START DATA PROVIDED

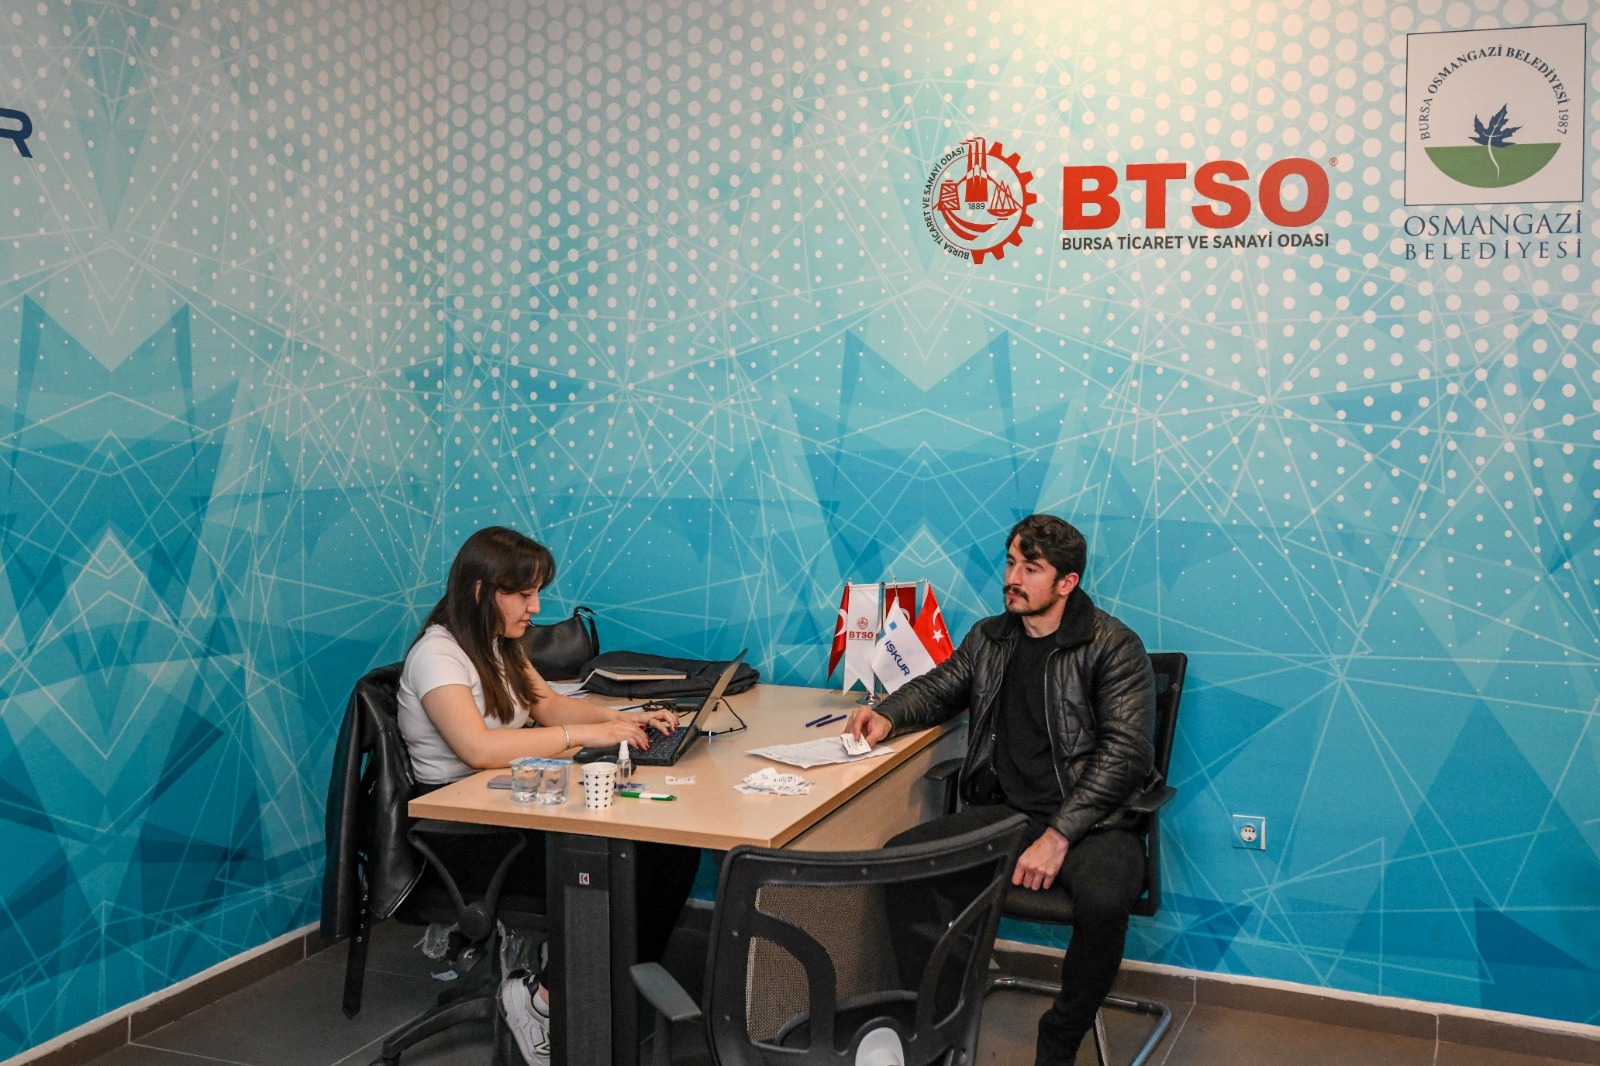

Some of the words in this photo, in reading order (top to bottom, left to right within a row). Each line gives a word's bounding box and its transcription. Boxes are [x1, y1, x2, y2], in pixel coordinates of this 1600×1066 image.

[1419, 97, 1433, 140] BURSA
[1427, 44, 1503, 95] OSMANGAZİ
[1506, 47, 1571, 105] BELEDİYESİ
[1556, 108, 1570, 135] 1987
[940, 146, 965, 166] ODASI
[922, 197, 930, 209] VE
[1063, 157, 1330, 231] BTSO
[968, 202, 985, 210] 1889
[1403, 210, 1583, 237] OSMANGAZİ
[943, 242, 970, 260] BURSA
[1062, 237, 1114, 251] BURSA
[1117, 233, 1184, 250] TİCARET
[1188, 235, 1209, 249] VE
[1212, 231, 1272, 249] SANAYİ
[1277, 232, 1329, 247] ODASI
[1405, 238, 1582, 261] BELEDİYESİ

END DATA PROVIDED

TASK PROMPT
Repeat each entry precisely as it appears. Leave the pictures out.

EXERCISE RESULT
Some of the words in this photo, in reading order (top to bottom, left to right within a row). Each line gives a word's bounding box and its transcription. Boxes are [x1, y1, x2, y2], in pixel coordinates of this 1600×1066 image.

[1419, 97, 1433, 140] BURSA
[1427, 44, 1503, 95] OSMANGAZİ
[1506, 47, 1571, 105] BELEDİYESİ
[1556, 108, 1570, 135] 1987
[940, 146, 965, 166] ODASI
[922, 197, 930, 209] VE
[1063, 157, 1330, 231] BTSO
[968, 202, 985, 210] 1889
[1403, 210, 1583, 237] OSMANGAZİ
[943, 242, 970, 260] BURSA
[1062, 237, 1114, 251] BURSA
[1117, 233, 1184, 250] TİCARET
[1188, 235, 1209, 249] VE
[1212, 231, 1272, 249] SANAYİ
[1277, 232, 1329, 247] ODASI
[1405, 238, 1582, 261] BELEDİYESİ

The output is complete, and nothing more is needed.